More importantly, monoculture and loss of biodiversity leaves the global food supply vulnerable to catastrophic threats, such as drought or disease, which can unfortunately lead to famine. Global population is projected to reach 11 billion by 2100. Imagine the human suffering if staple crops such as wheat or corn were to be devastated by a pest infestation, massive flooding, or an incurable fungus. Worse, the extinction of a crop variety is as irreversible as the extinction of the dinosaurs.
Recognizing these threats at the turn of the 21st century, an American agriculturalist, Cary Fowler, partnered with the Consultative Group on International Agricultural Research (CGIAR) to open a secure seed bank in Norway. Called the Svalbard Global Seed Vault, its primary purpose is to preserve a wide variety of plant seeds from all over the world. Opened in 2008, the vault represents the world’s largest collection of crop diversity, with a storage capacity of 4.5 million samples. Currently it holds nearly a million samples originating from almost every country across the globe and representing more than 13,000 years of agricultural history.
Worldwide, about 1,750 gene banks hold seed collections for safekeeping, but are vulnerable to natural or manmade regional and global catastrophes, including war and the many effects of climate change. The Vault is certainly designed to protect against such calamities. Yet Fowler’s more pressing reason to create a backup storage facility for these gene banks was the smaller, localized threats such as mismanagement, funding cuts, and equipment failures.
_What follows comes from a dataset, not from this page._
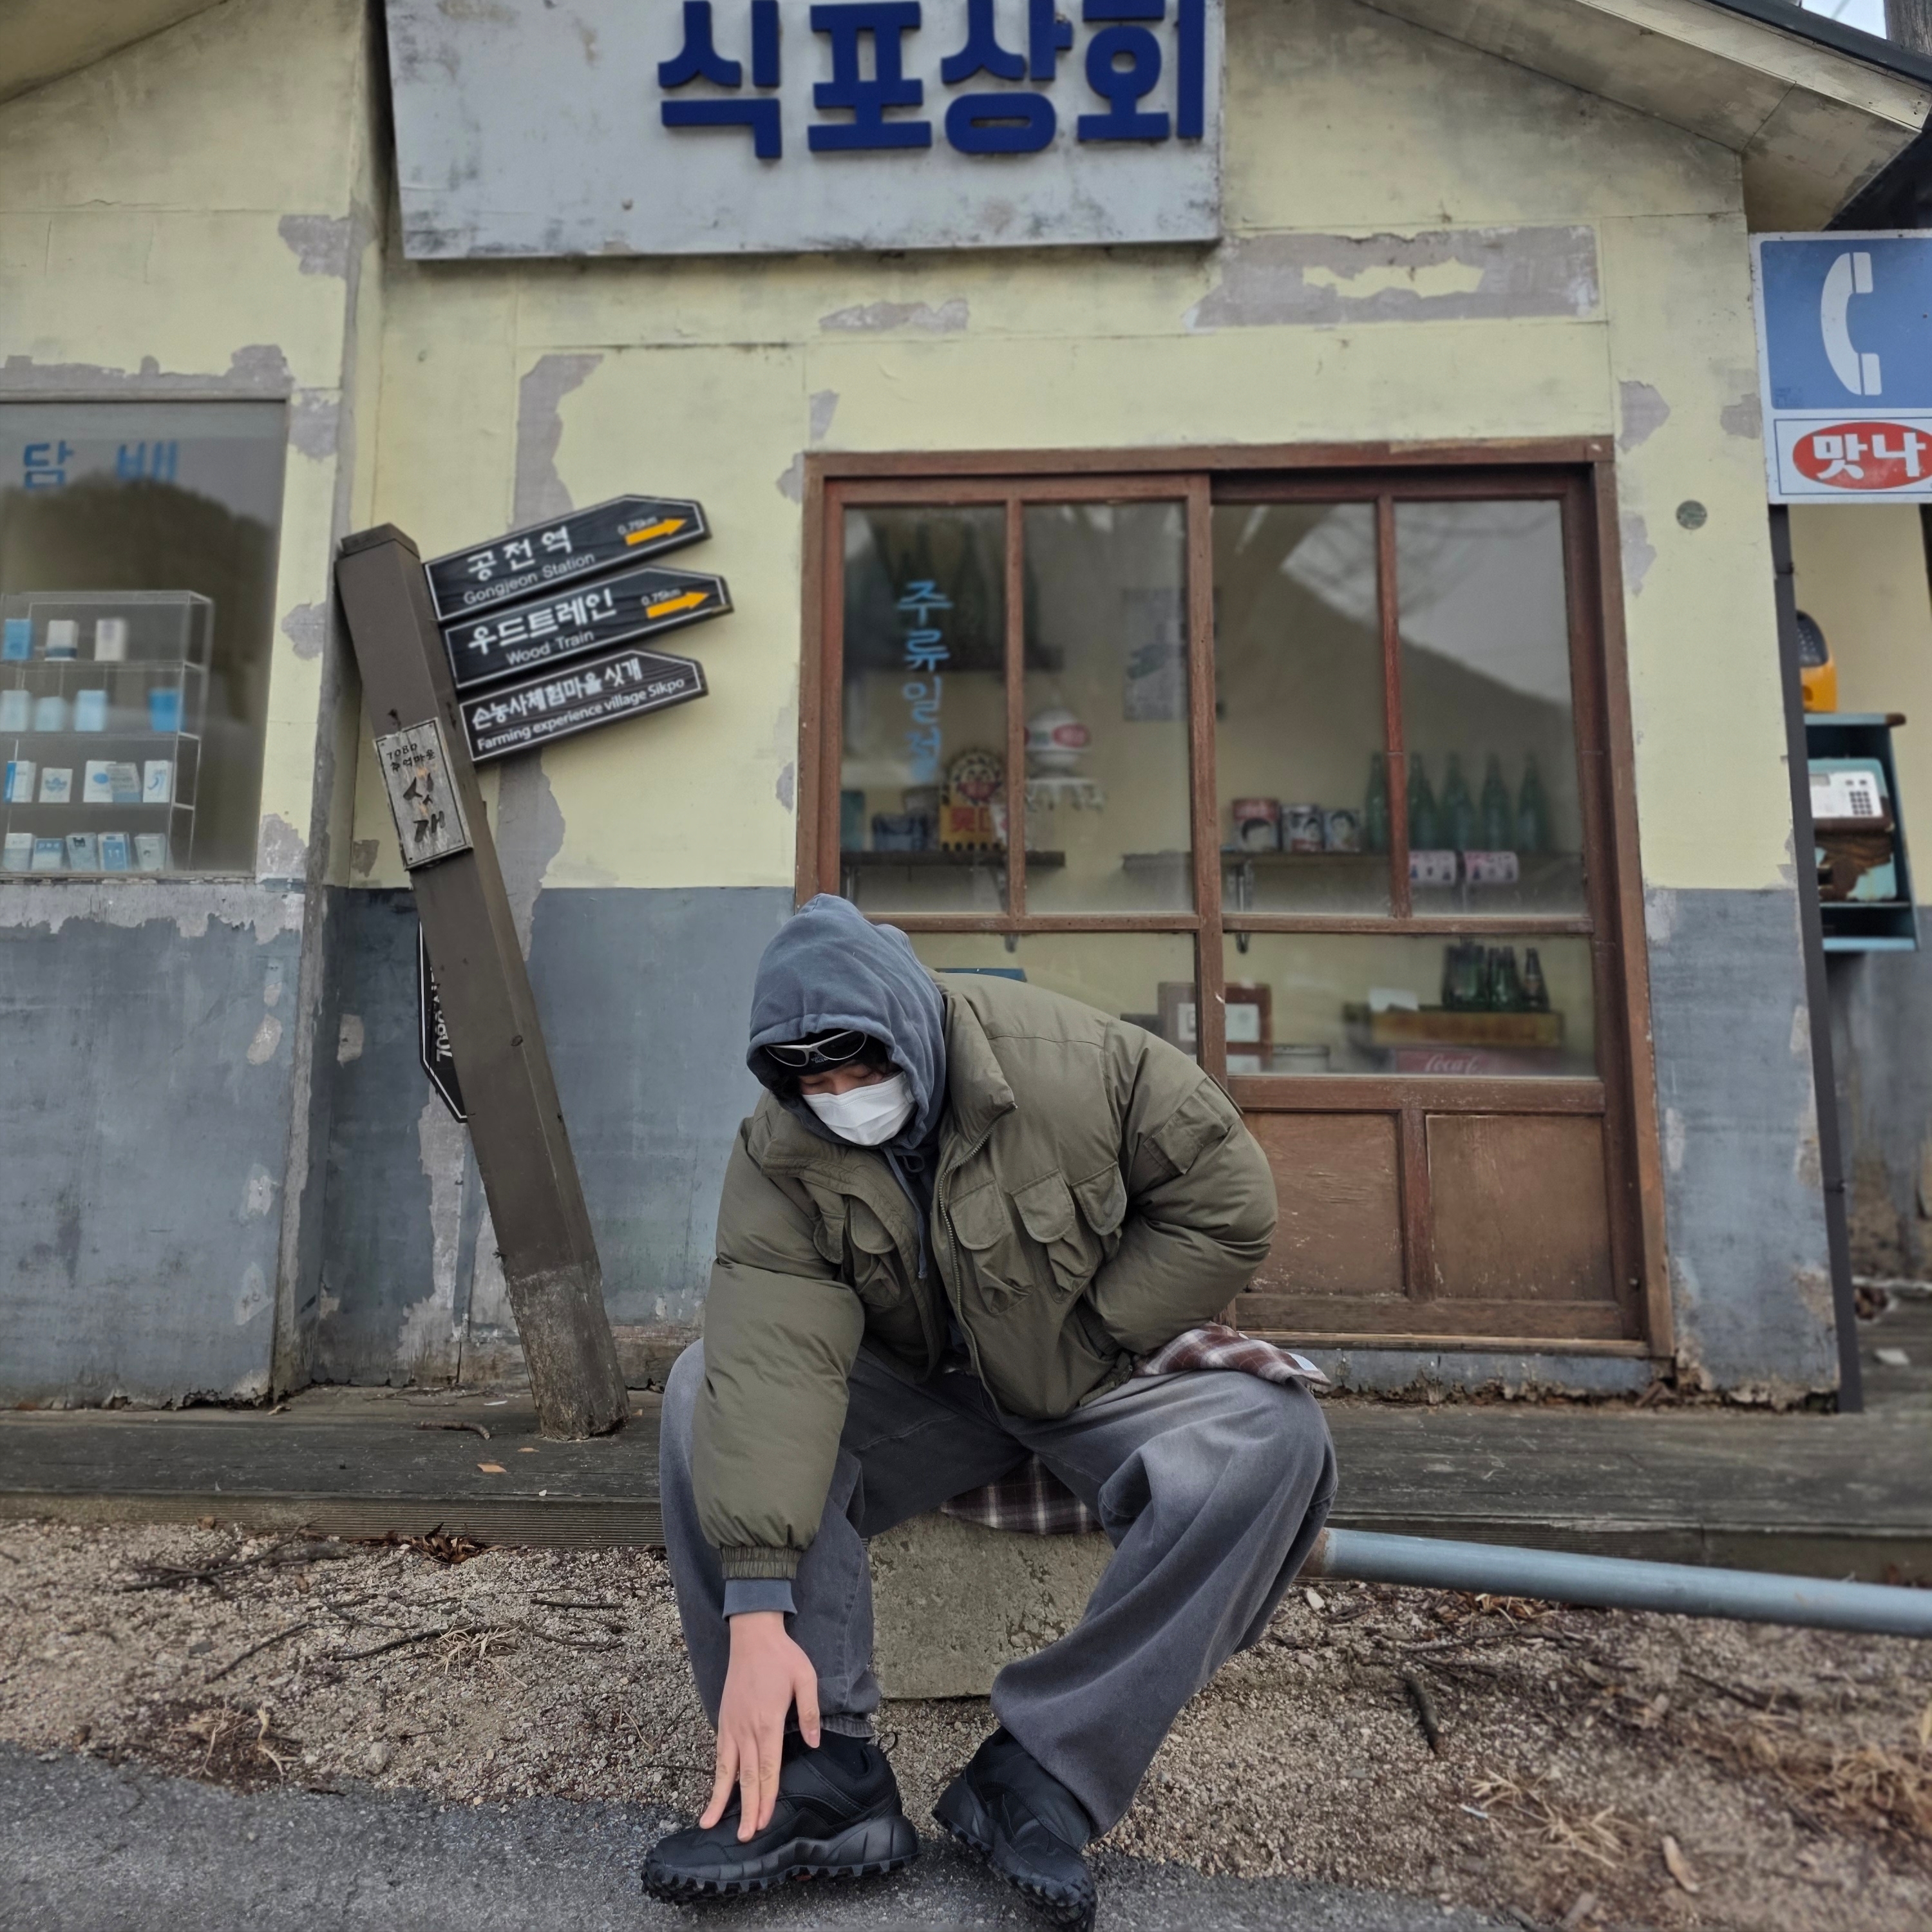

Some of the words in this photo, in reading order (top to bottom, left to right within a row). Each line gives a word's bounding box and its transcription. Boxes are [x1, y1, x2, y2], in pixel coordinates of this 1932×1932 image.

Every component of the Vault’s design and construction serves the purpose of preserving seeds for hundreds, if not thousands, of years. Its location in the Norwegian town of Spitsbergen, only 800 miles from the North Pole, is considered ideal for several reasons: the location is not prone to earthquakes, has a crust of permafrost which aids cooling, and rises 430 feet above sea level, which means it would remain dry even as the ice caps melt.
Surrounded by a frigid climate and burrowed 390 feet inside of a sandstone mountain, the seed bank is also cooled by refrigeration units to the internationally recommended standard of −18°C. If the equipment fails, at least several weeks will elapse before the facility rises to the surrounding sandstone bedrock's temperature of −3°C, due to the natural freezing capacity of the permafrost. Remarkably, scientists estimate that it would take two centuries to warm to 0°C. Added protection comes from the lack of humidity and oxygen inside of the vault, where the seeds are packaged in special three-ply foil packets and sealed to exclude moisture to ensure low metabolic activity and delay seed aging.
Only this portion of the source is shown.